La explotación del alerce -o lahuen en mapudungun- está en las raíces más profundas de lo que es la historia de Hualaihué. Según historiadores como Fernando Ramírez, quien ha estudiado ampliamente la historia ecológica de “Chiloé Continental” -territorio que abarca a la Provincia de Palena-, ya a partir del sigo XVII comienzan a llegar trabajadores, en su mayoría indígenas bajo el sistema de la encomienda, a extraer maderas nativas para satisfacer a los astilleros de Calbuco.
Siguiendo a Ramírez, durante el siglo siguiente, dado el crecimiento de la demanda por madera debido a la construcción de las iglesias de Chiloé y a la fundación de ciudades como Ancud y Maullín, “grupos de españoles, mestizos e indios con sus familias a cuestas llegaban cada verano para subir las escarpadas laderas en busca de los alerzales de Melipulli (hoy Puerto Montt) y en la desembocadura del Reloncaví”.
Tal era la importancia del alerce, que la tabla de esta madera se usaba como moneda en Chiloé (el “real de madera” según el historiador Rodolfo Urbina).
“La economía y la sociedad que se generó en torno a la explotación del alerce estuvo marcada por el dolor y la pobreza. La dependencia extrema de los dueños de barcos peruanos que no compraban con una regularidad anual y que por otro lado les imponían el precio de las tablas impidió que lograran capitalizar el esfuerzo y las privaciones que debían soportar para cumplir las metas de producción que se les establecían”, asevera Ramírez en uno de sus artículos (La factibilidad histórico-ecológica de proteger la naturaleza.
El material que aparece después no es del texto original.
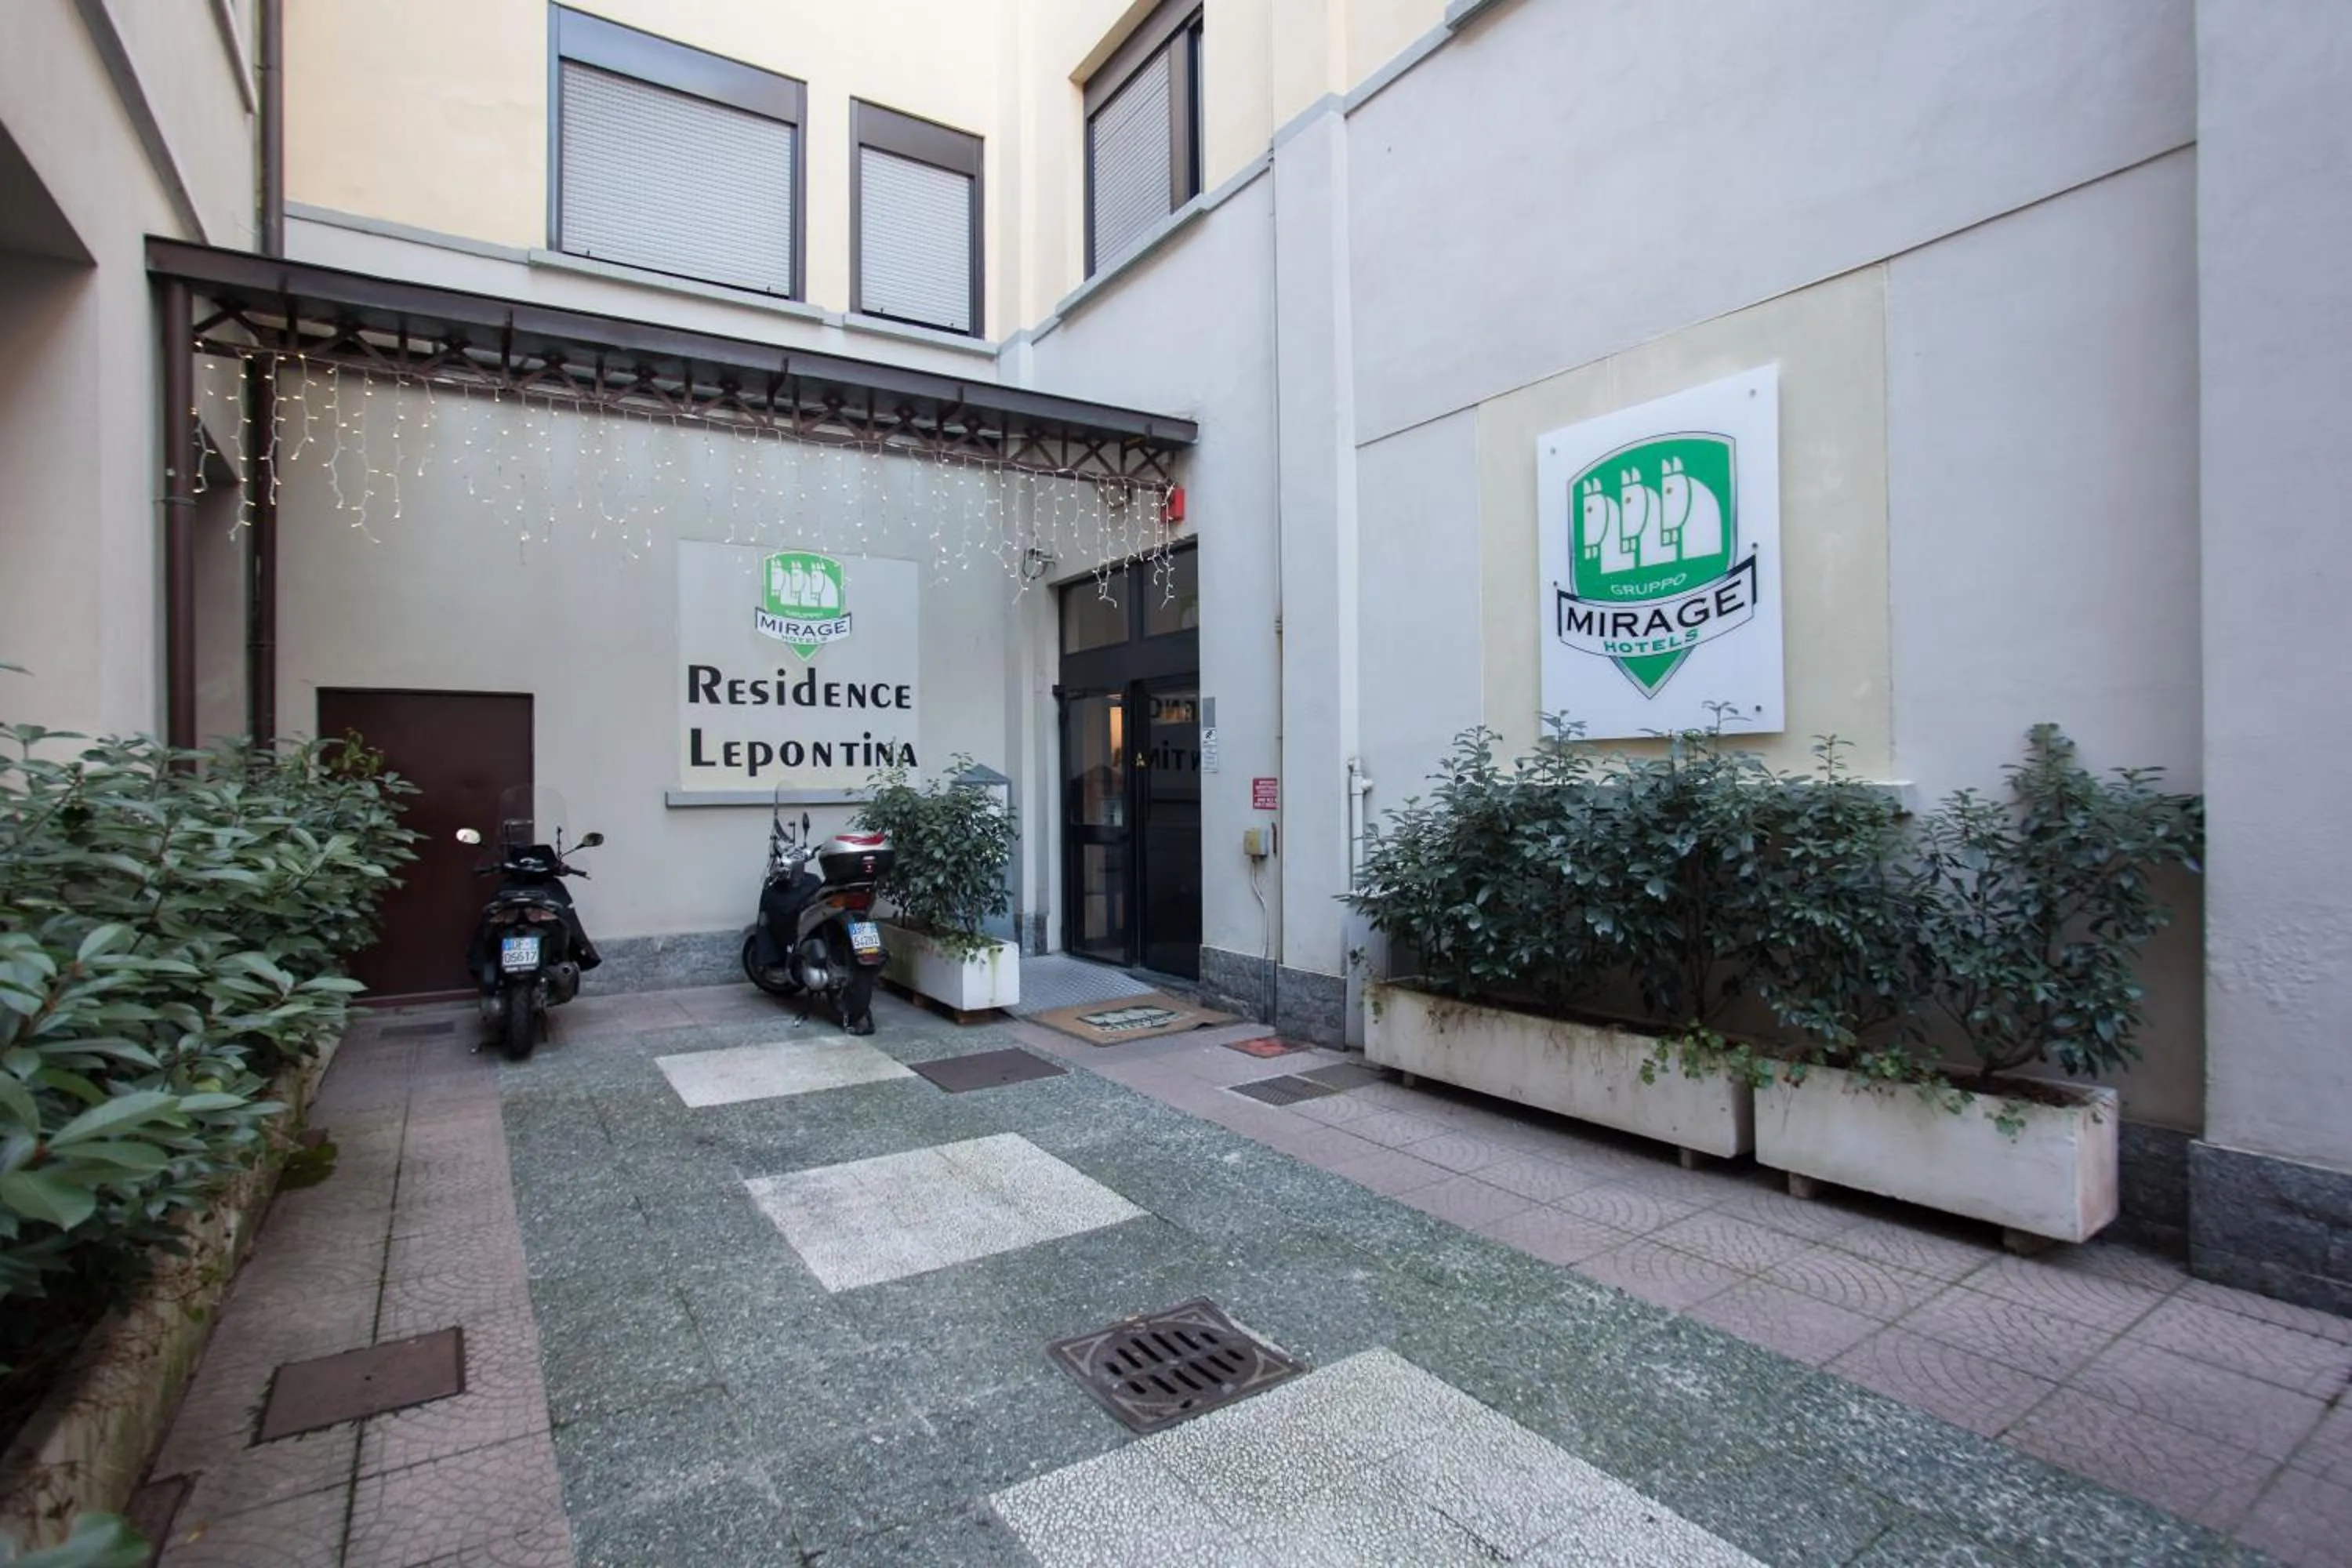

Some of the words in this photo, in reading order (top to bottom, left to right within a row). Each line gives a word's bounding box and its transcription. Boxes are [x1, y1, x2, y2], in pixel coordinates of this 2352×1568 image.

[1610, 573, 1687, 595] GRUPPO
[1566, 579, 1745, 637] MIRAGE
[760, 615, 847, 637] MIRAGE
[1603, 628, 1699, 653] HOTELS
El caso del Parque Pumalín de Douglas Tompkins).
A eso hay que sumar que cada vez había que subir más por las laderas de las montañas para encontrar esta preciada madera, porque los alerzales de las partes bajas de a poco se iban agotando.
Lentamente, entre la segunda mitad del siglo XIX y principios del XX, fueron llegando los primeros pobladores estables a la comuna. Provenientes de Chiloé, Calbuco y otras zonas adyacentes, sus vidas no fueron muy distintas a las de sus antecesores que venían en busca del alerce.
Tenían que pasar días e incluso semanas en la cordillera para confeccionar sus basas y tejuelas. Pocos contaban con embarcación propia para llevar su madera a Calbuco, Chiloé o Puerto Montt, por lo que la mayoría la entregaba a comerciantes a cambio de mercadería. Las basas y las “tejuelas largas” tenían que ser perfectas: de no ser así el trabajo de semanas era en vano y a veces ni siquiera volvían con un kilo de azúcar a sus casas.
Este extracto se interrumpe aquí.